## [Work to be completed]
Below are records to be transcribed exactly; any pictures should be left out.

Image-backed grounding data
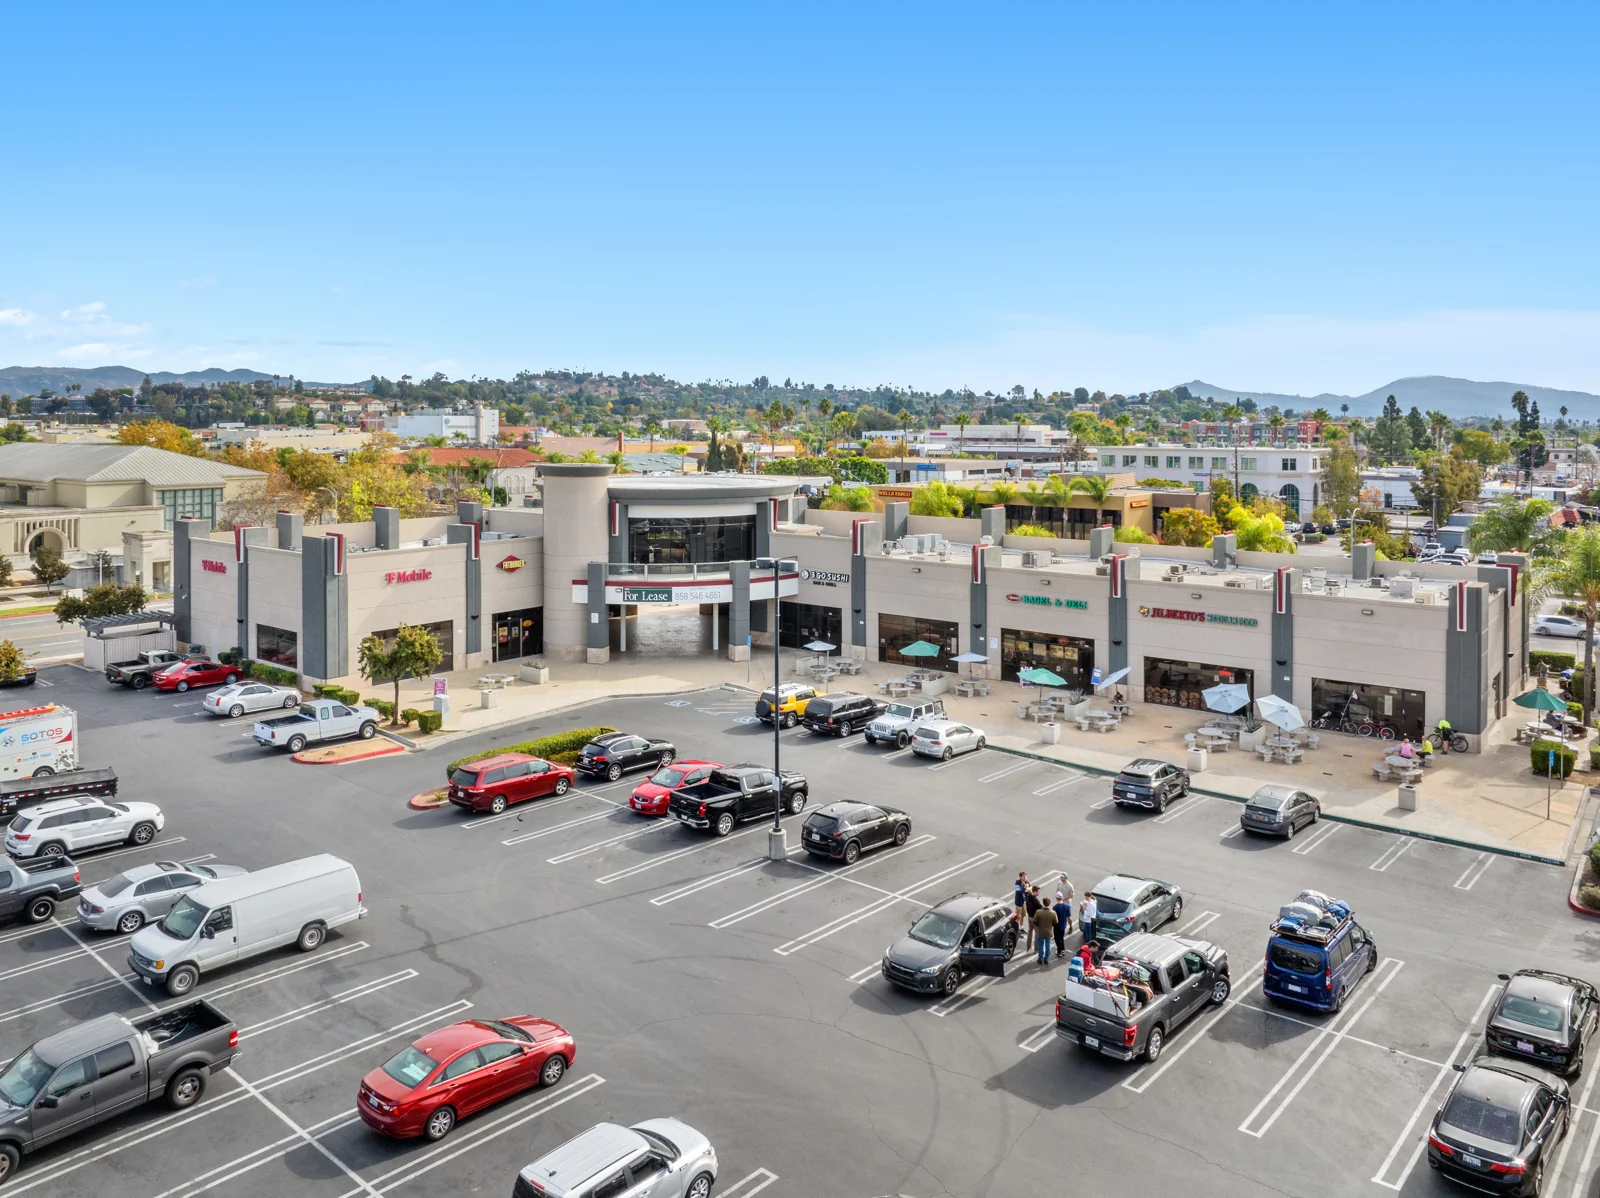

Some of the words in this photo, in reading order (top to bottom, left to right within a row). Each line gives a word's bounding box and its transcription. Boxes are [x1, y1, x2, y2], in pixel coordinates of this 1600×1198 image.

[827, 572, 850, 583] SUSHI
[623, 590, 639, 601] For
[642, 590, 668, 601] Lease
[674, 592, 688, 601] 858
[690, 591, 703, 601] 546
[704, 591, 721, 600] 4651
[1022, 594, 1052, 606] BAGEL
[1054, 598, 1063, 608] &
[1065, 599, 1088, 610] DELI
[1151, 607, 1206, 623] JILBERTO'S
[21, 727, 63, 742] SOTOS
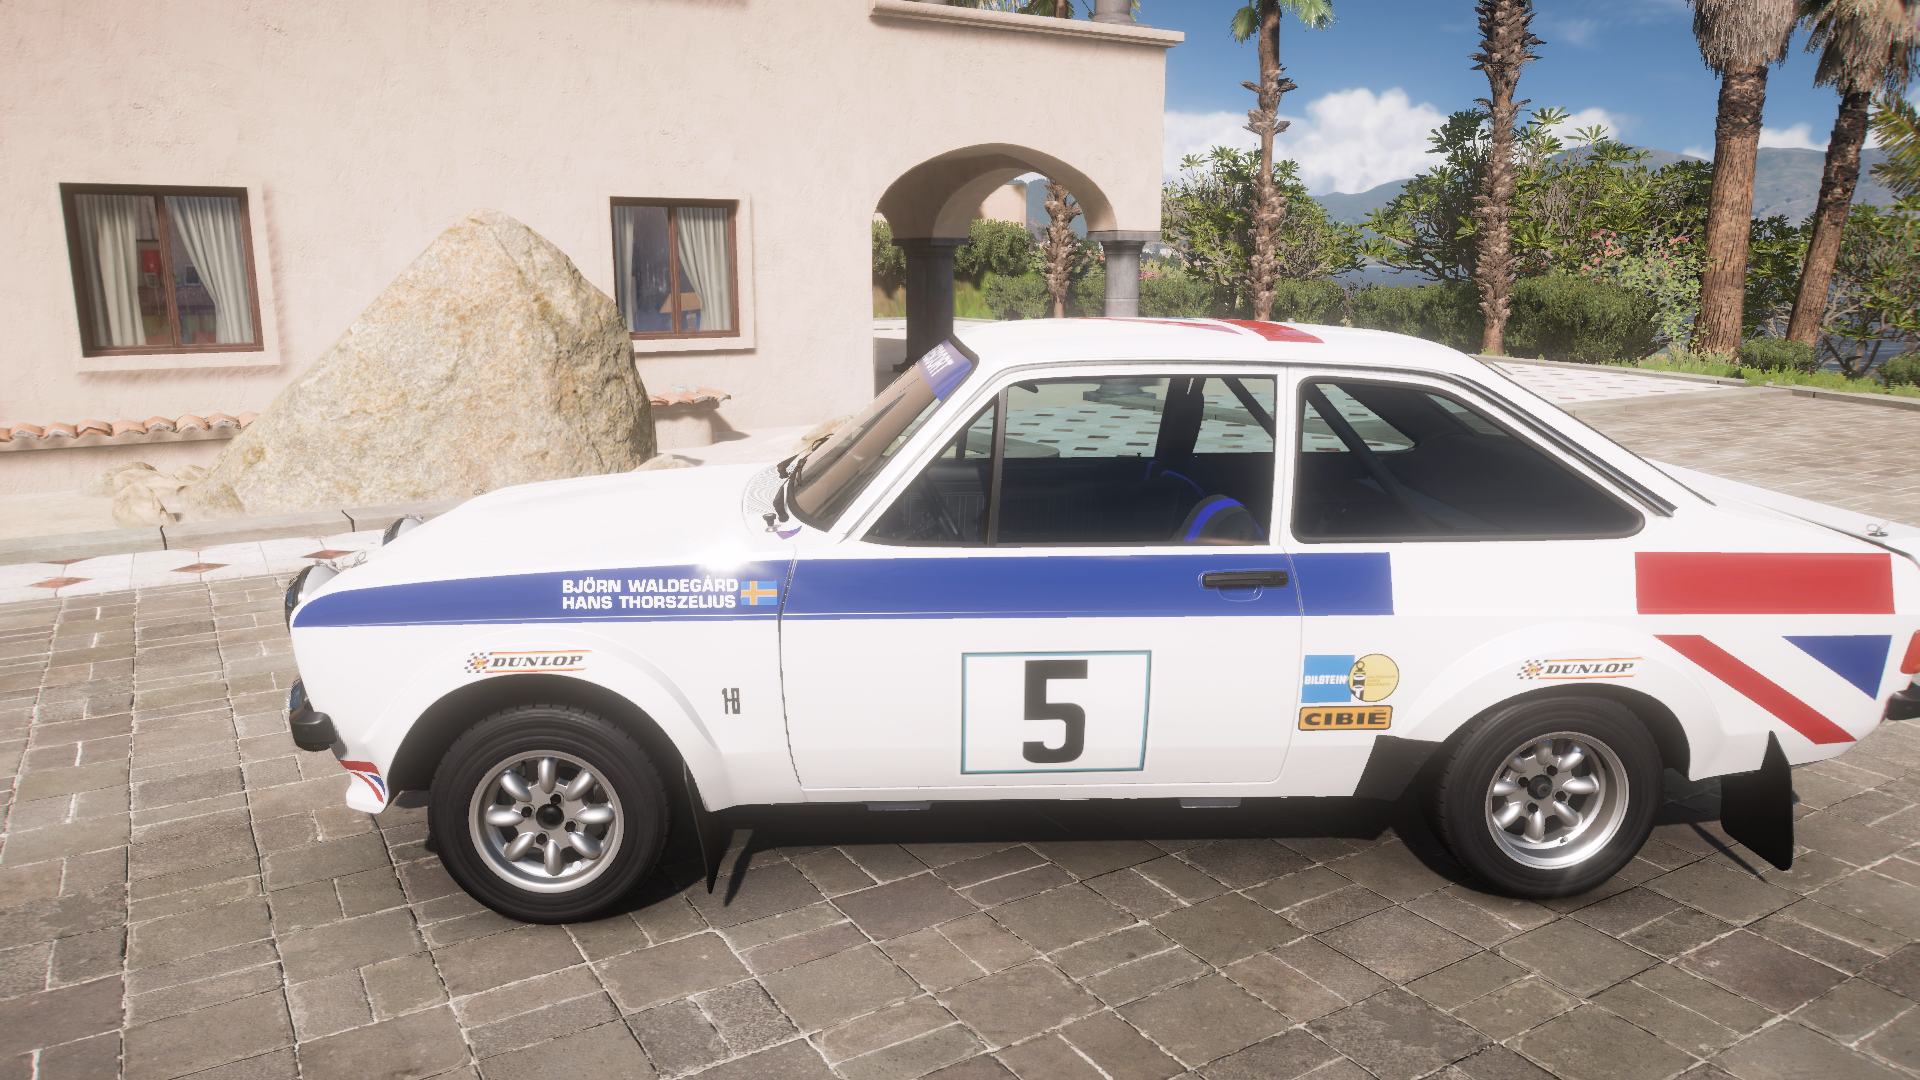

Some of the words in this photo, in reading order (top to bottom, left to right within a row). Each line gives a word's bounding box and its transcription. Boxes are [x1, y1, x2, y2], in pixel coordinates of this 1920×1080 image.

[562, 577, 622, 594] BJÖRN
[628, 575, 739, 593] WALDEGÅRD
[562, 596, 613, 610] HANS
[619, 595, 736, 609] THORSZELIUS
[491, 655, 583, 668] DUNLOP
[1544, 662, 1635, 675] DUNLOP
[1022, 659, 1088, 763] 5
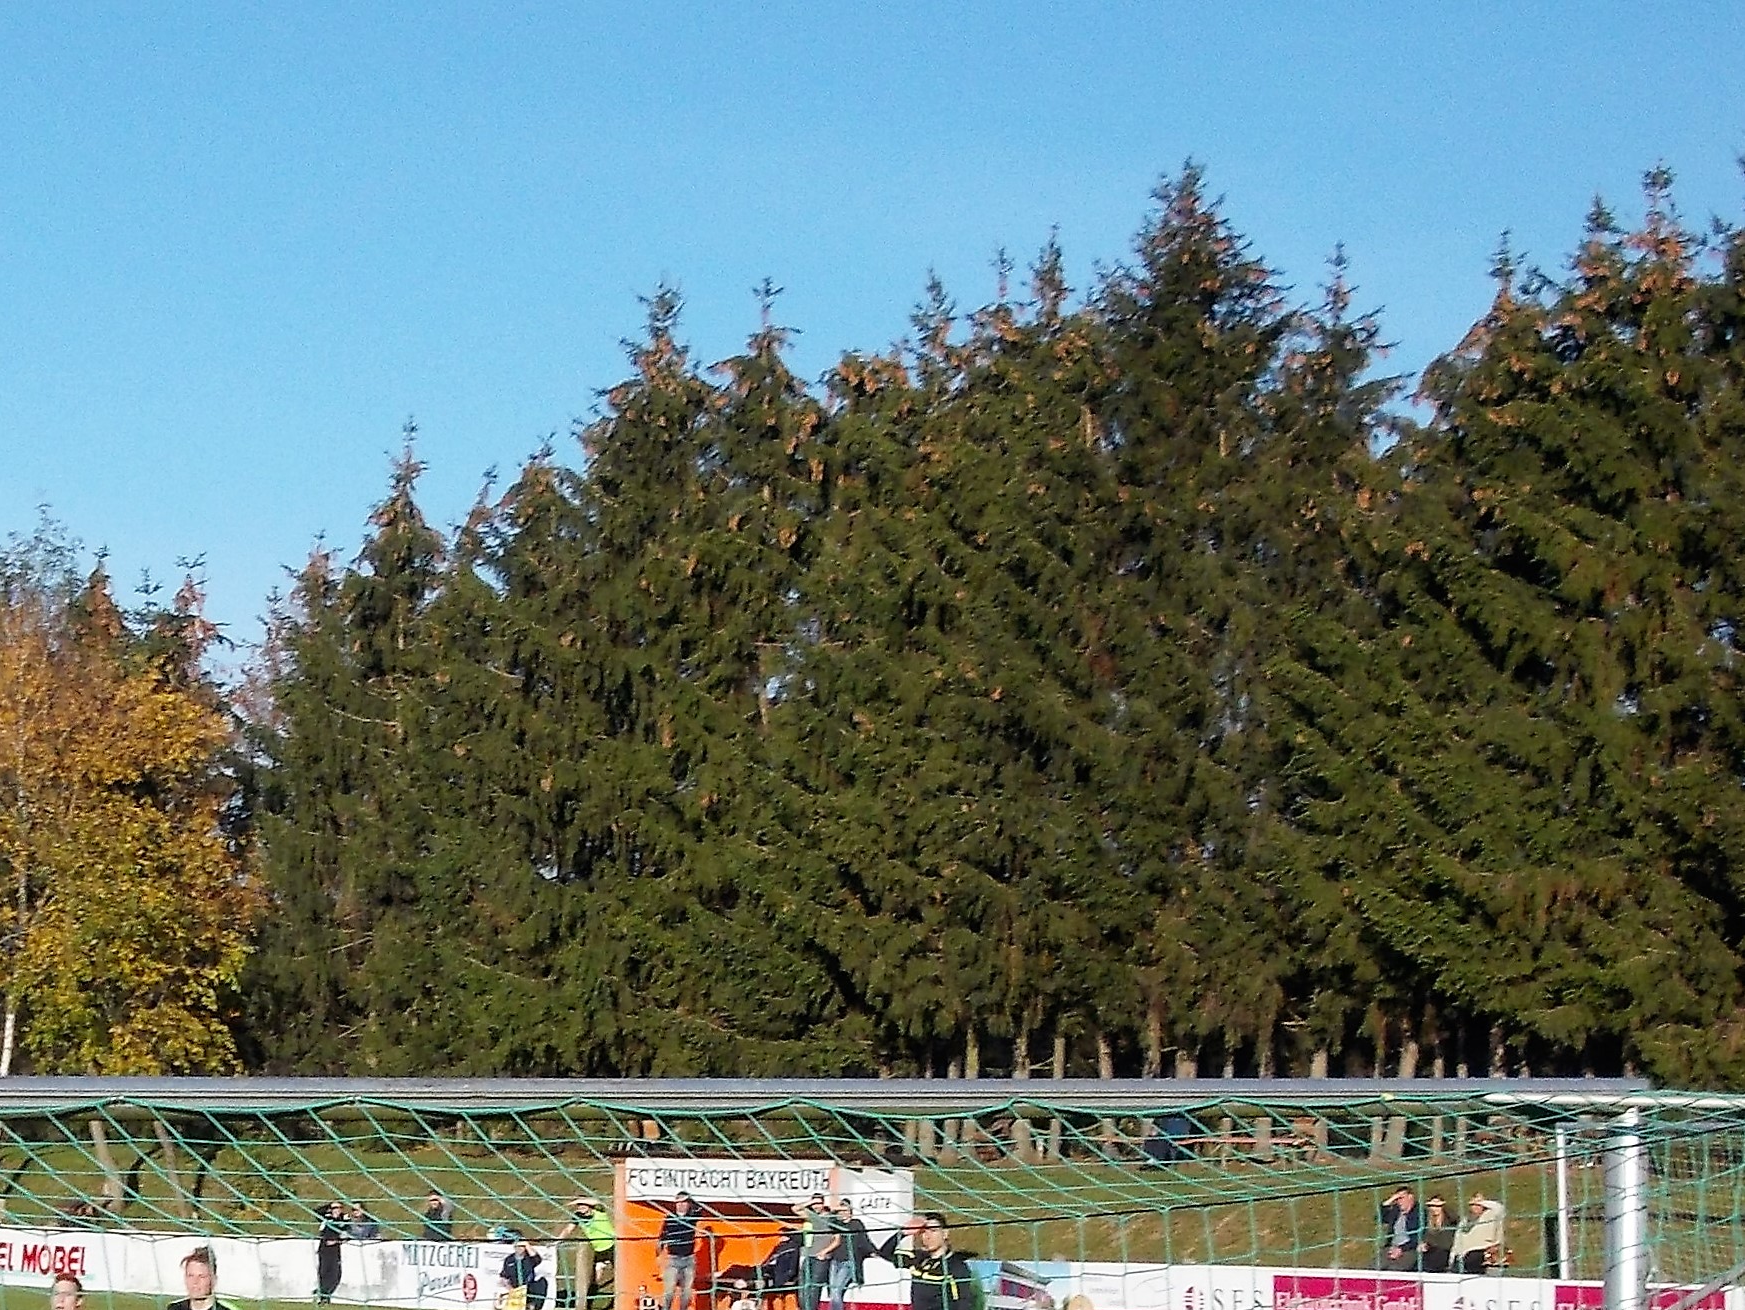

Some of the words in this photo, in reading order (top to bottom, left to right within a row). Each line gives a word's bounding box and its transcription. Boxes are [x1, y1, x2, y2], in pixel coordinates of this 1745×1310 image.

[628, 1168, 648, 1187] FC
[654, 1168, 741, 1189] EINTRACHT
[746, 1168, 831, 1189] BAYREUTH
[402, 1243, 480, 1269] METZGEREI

## [Result]
Some of the words in this photo, in reading order (top to bottom, left to right within a row). Each line gives a word's bounding box and its transcription. Boxes are [x1, y1, x2, y2], in pixel coordinates of this 1600×1198 image.

[827, 572, 850, 583] SUSHI
[623, 590, 639, 601] For
[642, 590, 668, 601] Lease
[674, 592, 688, 601] 858
[690, 591, 703, 601] 546
[704, 591, 721, 600] 4651
[1022, 594, 1052, 606] BAGEL
[1054, 598, 1063, 608] &
[1065, 599, 1088, 610] DELI
[1151, 607, 1206, 623] JILBERTO'S
[21, 727, 63, 742] SOTOS

Some of the words in this photo, in reading order (top to bottom, left to right within a row). Each line gives a word's bounding box and its transcription. Boxes are [x1, y1, x2, y2], in pixel coordinates of this 1920×1080 image.

[562, 577, 622, 594] BJÖRN
[628, 575, 739, 593] WALDEGÅRD
[562, 596, 613, 610] HANS
[619, 595, 736, 609] THORSZELIUS
[491, 655, 583, 668] DUNLOP
[1544, 662, 1635, 675] DUNLOP
[1022, 659, 1088, 763] 5

Some of the words in this photo, in reading order (top to bottom, left to right within a row). Each line gives a word's bounding box and its transcription. Boxes are [x1, y1, x2, y2], in pixel coordinates of this 1745×1310 image.

[628, 1168, 648, 1187] FC
[654, 1168, 741, 1189] EINTRACHT
[746, 1168, 831, 1189] BAYREUTH
[402, 1243, 480, 1269] METZGEREI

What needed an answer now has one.